THE AMERICAN occupation of Japan after the Second World War was arguably the most successful instance of military government ever undertaken by the United States abroad. Compared with the occupation of other countries, ranging from Mexico in the 1840s to Germany in the 1940s, it would seem that the six-year regime (1945-1951) in Japan created a legacy that provided the basis for what developed into a close relationship across the Pacific.

Whether that relationship is eroding, due to the current acrimonious trade dispute, is a matter of serious concern not only to the two countries but also to the world at large. Anyone interested in the future of U.S.-Japanese relations would be well advised to read this book and ponder the rich ramifications of America's postwar rule over defeated Japan.

Theodore Cohen, a young official trained in labor history and economics, was one of the hundreds of civilians assembled by Gen. Douglas MacArthur's headquarters (GHQ) to carry out an occupation policy that had been formulated in Washington toward the end of the war. There is a voluminous literature on the making of the occupation policy, and on the paths that led to the peace treaty of 1951. Many biographies of Gen. MacArthur also exist. But this book -- published posthumously and ably edited by Herbert Passin, the Columbia sociologist -- is unique in its focus on middle-ranking occupation administrators and their interactions with the Japanese. In these interactions the author sees the origins of the postwar record of cooperation and goodwill between the two peoples.

Because Cohen specialized in labor affairs, the book is particularly rich in descriptions of how occupation authorities perceived and dealt with Japan's working population. Fundamental to his perspective, which was shared by some but not all of his colleagues in GHQ, was the assumption that the United States had a historic mission to perform in Japan. The latter was to be "remade" in the image of New Deal America. The distinction between traditional liberalism and New Deal reformism was crucial in such a context. As Cohen saw the situation right after the war, the United States, in punishing militaristic Japan, faced two choices: either to encourage a "liberal restoration" or to undertake a "radical reform." The first alternative, favored by the State Department's Japan specialists as well as "Old Japan Hands" in business and journalism, would bring back prewar Japanese "liberals" -- businessmen, politicians, and others little tainted by militarism. Japan's conservative elite, of course, welcomed such an approach.

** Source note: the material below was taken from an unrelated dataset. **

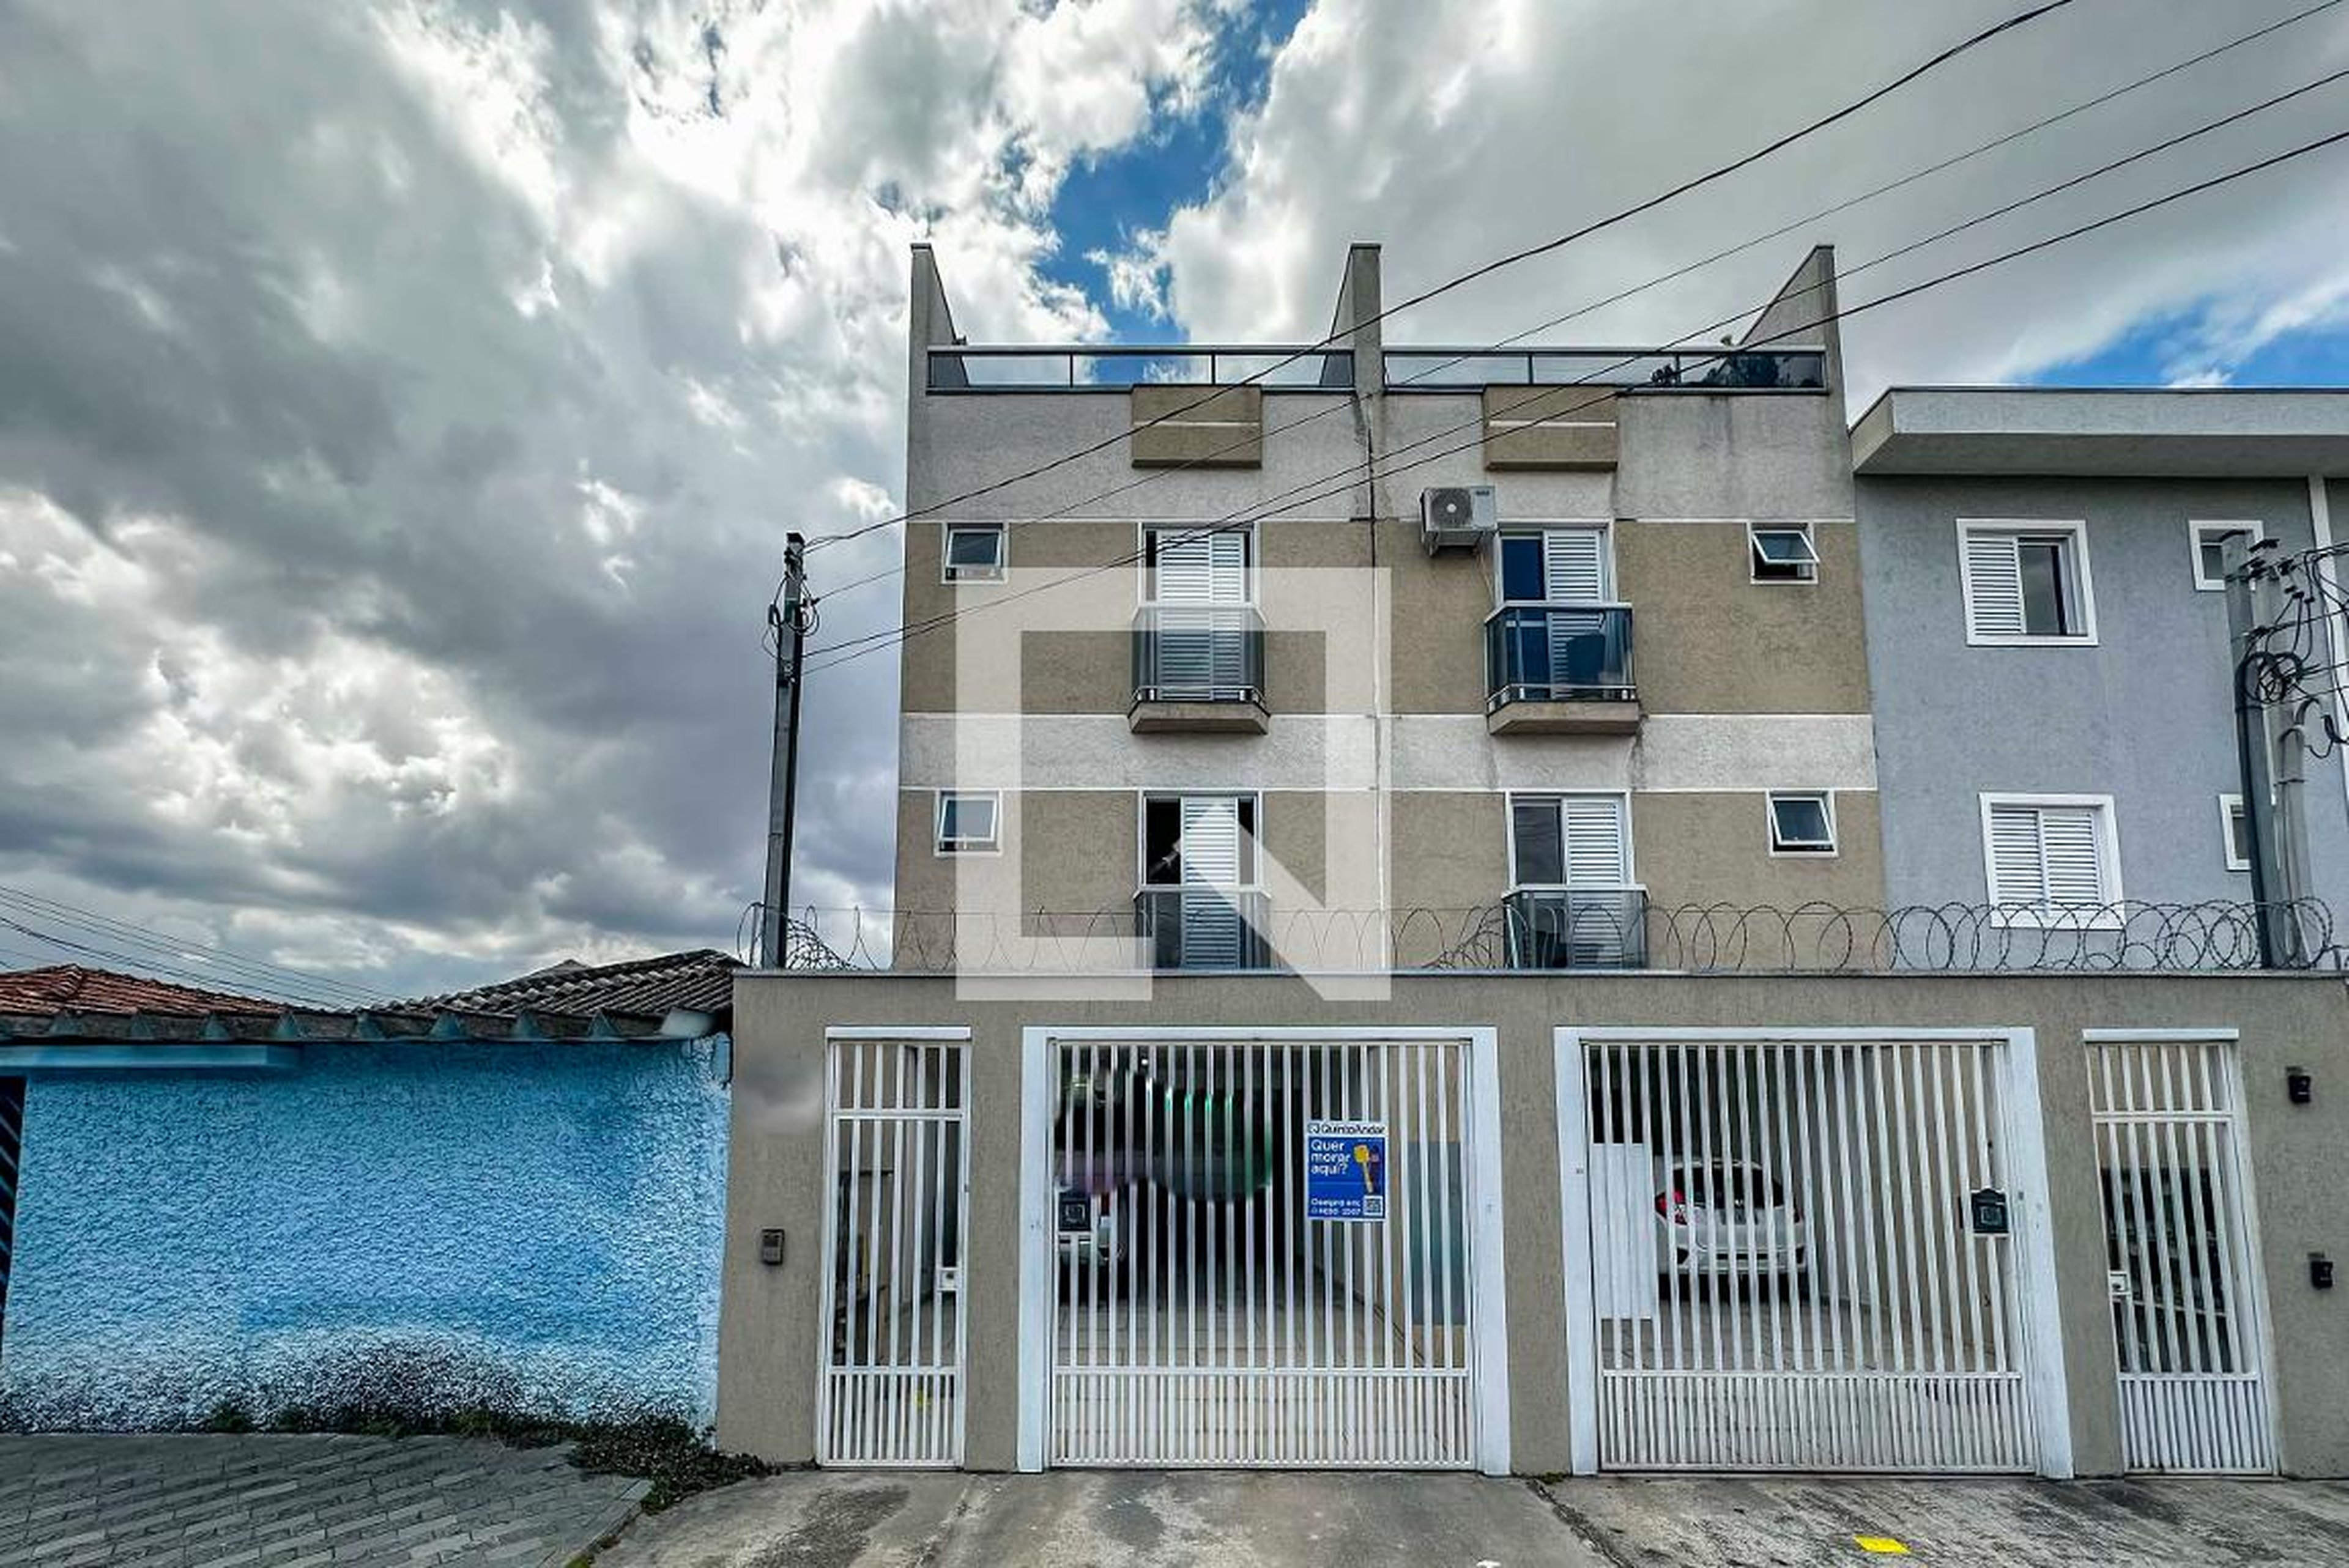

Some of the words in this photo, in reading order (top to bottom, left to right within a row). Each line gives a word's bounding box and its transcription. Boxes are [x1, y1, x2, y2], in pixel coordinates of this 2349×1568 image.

[1321, 1123, 1385, 1134] QuintoAndar
[1311, 1138, 1345, 1152] Quer
[1311, 1153, 1351, 1163] morar
[1311, 1161, 1348, 1177] aqui?

Cohen and other "radical reformers" rejected that alternative and pushed for a more thoroughgoing change in the Japanese social structure through "economic democratization." From their point of view, it would not do merely to purge war criminals or revise the constitution; such measures alone would not alter the fact that Japan was dominated by a powerful and wealthy elite, whereas the rest of the population -- farmers, workers and ordinary citizens -- had long been deprived of economic opportunities and were scarcely aware of their basic rights. To reformers like Cohen, the New Deal provided an inspiration and a precedent for remaking society through redistribution of land and income, unionization and collective bargaining, and reduction of rents and debts. For espousing such causes, the GHQ reformers were castigated by conservatives and anti-New Dealers back home and even within GHQ, but, says Cohen, General MacArthur -- himself a "populist" -- never wavered in his support. And the Japanese masses, of course, were captivated by the vision of their liberation. Labor leaders and left-wing politicians, even including Communists, eagerly sought Cohen's and his colleagues' support and guidance.

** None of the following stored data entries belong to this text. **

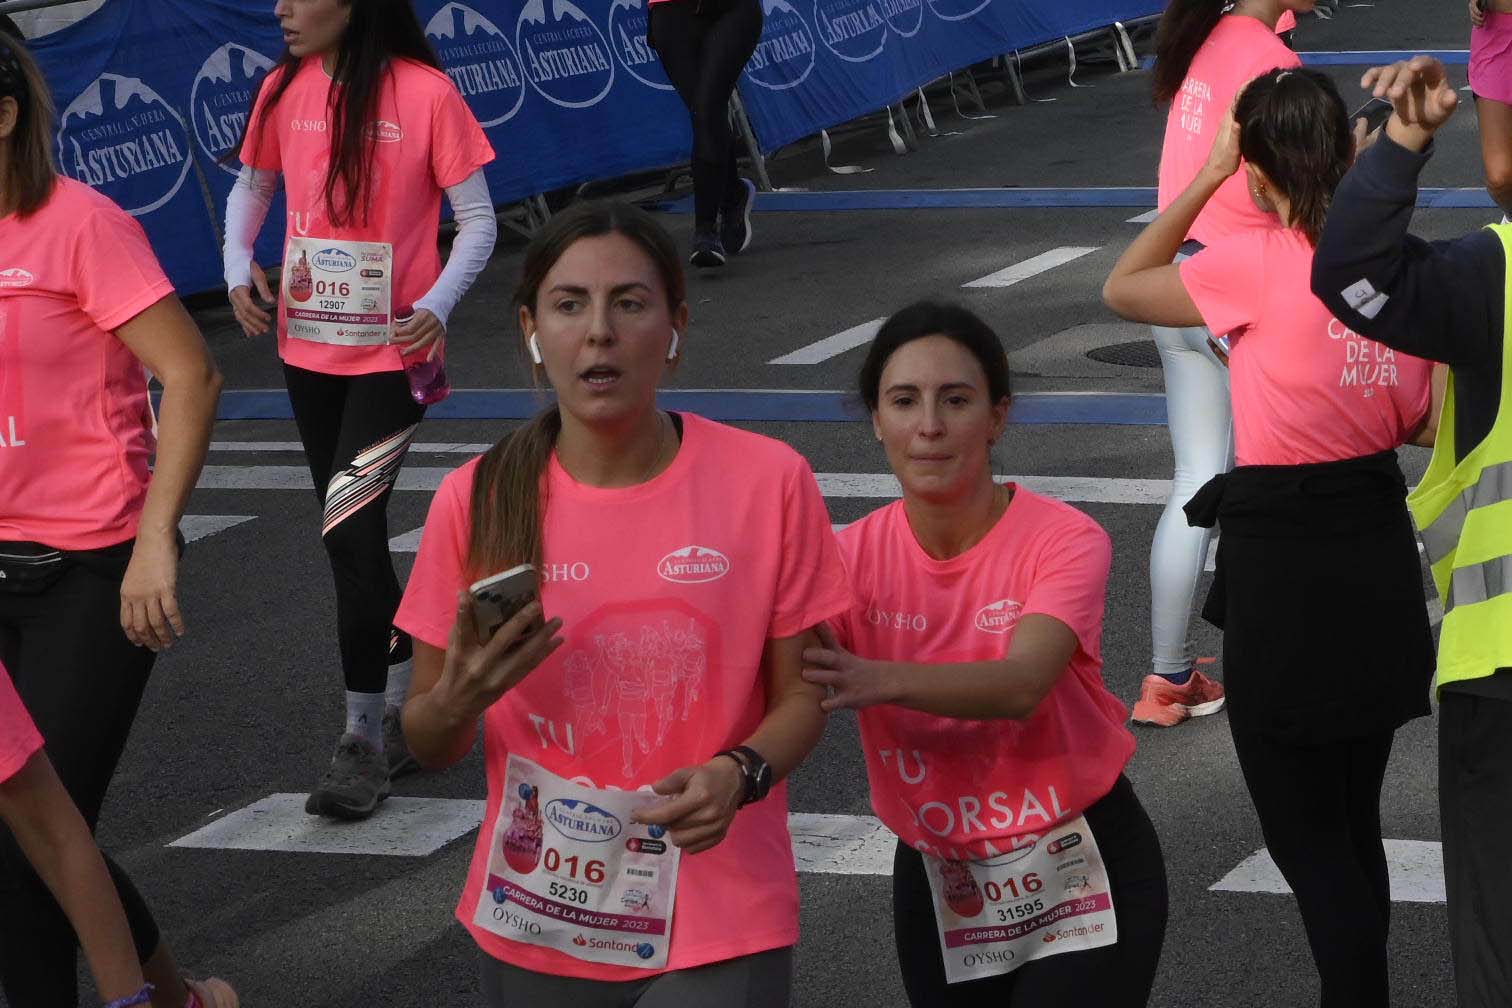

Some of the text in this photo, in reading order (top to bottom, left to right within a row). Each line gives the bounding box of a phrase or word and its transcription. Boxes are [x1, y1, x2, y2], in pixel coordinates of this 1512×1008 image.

[524, 38, 610, 83] ASTURIANA
[315, 256, 354, 269] ASTURIANA
[315, 280, 350, 297] 016
[294, 311, 320, 320] CARRERA
[320, 313, 330, 321] DE
[339, 314, 361, 322] MUJER
[319, 299, 346, 311] 12907
[294, 324, 381, 338] OYSHO Santander
[1346, 341, 1369, 363] DE
[1339, 364, 1398, 388] MUJER
[663, 560, 725, 576] ASTURIANA
[528, 713, 576, 756] TU
[549, 805, 616, 837] ASTURIANA
[543, 847, 606, 884] 016
[548, 881, 589, 905] 5230
[983, 871, 1043, 903] 016
[502, 884, 649, 931] CARRERA DE LA MUJER 2023
[964, 899, 1097, 942] CARRERA DE LA MUJER 2023
[997, 897, 1045, 923] 31595
[492, 907, 639, 954] OYSHO Santand
[963, 922, 1105, 968] OYSHO Santander

The result, the book argues, was a remarkable case of transferring one country's historical experience to another. By early 1947, barely 17 months after the Japanese surrender, land redistribution had been launched and important laws had been enacted to ensure workers' rights. These and other measures paved the way for creating "a domestic mass market for consumer goods for the first time in Japanese history." The consumer-oriented mass society, which is the foundation of Japanese economic life, would not have emerged, Cohen concludes, without "American radical reform," applied by MacArthur and his officials.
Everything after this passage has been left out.